I’m sure many of you have seen the discussions surrounding multiple abusive situations in FIRST communities, predominantly towards women. As a former heavily involved student and much less involved mentor for an “elite”, Chairman’s winning team, I was most surprised by my lack of surprise reading these stories. I have personally removed myself from FIRST involvement in the last few years, in no small part due to the similarly toxic culture my, and other local teams had.
I genuinely believe that almost all former students of these so-called “role model” programs have seen similar things as I have - my team had a history of mentor-student dating, our adult mentors dating students on other teams as soon as they graduated, multiple assault stories minimized, a competition-over-everything toxic environment etc. Despite this, our mentors consistently won Woodie Flowers trophies, the team won Chairman’s awards, etc.
Personally, I believe that much of this can be attributed to the rapid, unchecked growth of teams - a business with 100+ employees and no formal HR policies and department would never be okay, but is frequently seen in FRC teams.
What do you think FIRST needs to do to address these oversights?
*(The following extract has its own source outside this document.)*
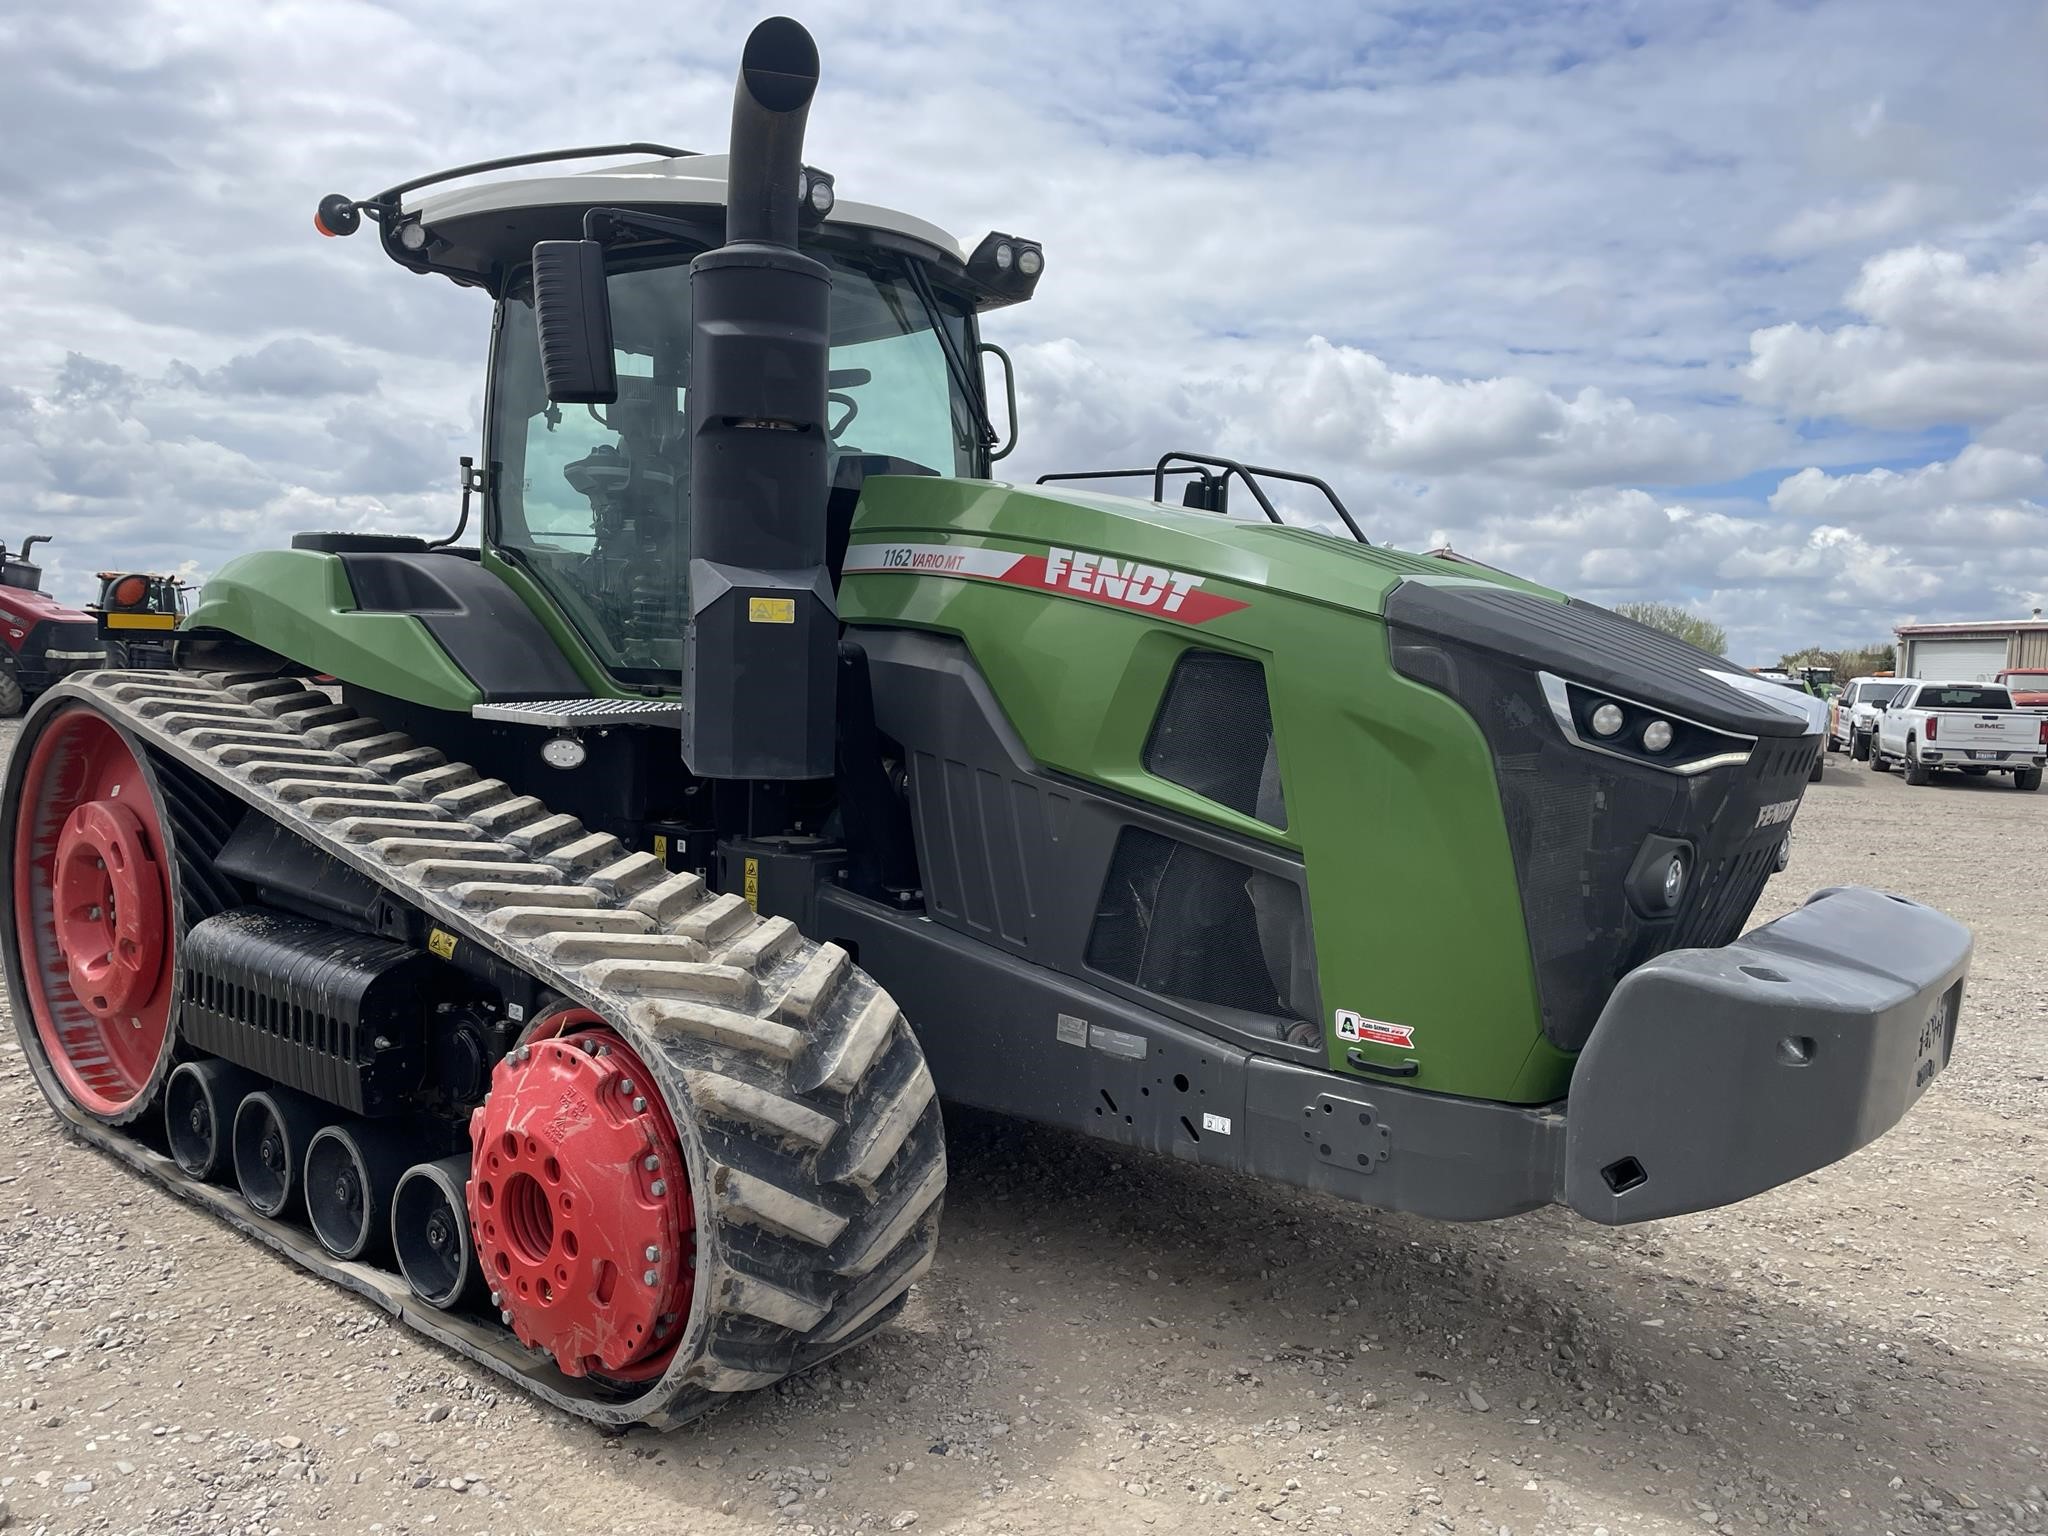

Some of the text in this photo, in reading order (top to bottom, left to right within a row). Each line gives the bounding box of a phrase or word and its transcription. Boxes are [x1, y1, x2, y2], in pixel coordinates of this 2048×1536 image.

[883, 549, 965, 570] 1162 VARIO MT
[1044, 546, 1206, 612] FENDT
[1755, 799, 1799, 829] FENDT
Here are some suggestions I would like to see.
a) All mentors, regular volunteers, adults involved with the team etc. should be required to register with FIRST, submitting a criminal record check yearly.
b) Teams should be required to submit an HR representative, that must complete HR training.
c) All mentor romantic relationships with other individuals in the FRC community should be reported officially, ideally through that HR representative. That includes mentor and previous student, mentor and mentor, mentor and mentor from other team etc.
d) Culture audits - potentially at events, a 30 minute session to speak to a few students, parents and mentors about the program and its flaws.
e) FIRST should set an official guideline about the transition from student to mentor. Many of the worst offenders on my team were those who had just made that transition, and did not have the maturity to handle it. I believe that if FIRST made mentors who had been a student in the last two years ineligible to mentor in any form, and promoted volunteering as their best option, many of these grooming situations could be avoided, and students would have the chance to grow up as an adults in an environment that did not necessarily reinforce the same cultures that they were students in.
f) Mandatory mentor and student video training about what kinds of communication and relationships are and aren’t appropriate. More resources to help students realize that what they are encountering isn’t right.
g) A re-centering of the Chairman’s and Woodie Flowers awards. While both of these awards recognize exceptional individuals, they also have a dangerous side. This ideal that your chairman’s winning team can do no wrong, and has an exemplary culture, or that an interaction with a mentor must be fine as they won an award is extremely dangerous, not to mention the minimization and self-lies that happen when writing the applications for these awards. Rather than promoting these ideas, I have a few suggestions. 1) Teams can only submit applications for another team or mentor, not their own - if a team or mentor has not made a significant impact on their community teams, they shouldn’t be eligible anyways. 2) An additional adult-written submission that focuses more on team culture, HR practices and improvements. If a team has had some sort of disappointing behavior, this would be a good place to acknowledge and include how it was addressed.
h) Regular student and mentor culture surveys. I envision an app, that has a biweekly, optional survey. Questions should include how comfortable women feel in the environment, how much stress the individuals are under from the team responsibilities, if they are taking care of themselves otherwise etc. While this shouldn’t be formally scored, regional representatives should be aware of this and eventually able to act on it.
What else could you see improving the dangerous cultures FRC has fostered for a long time?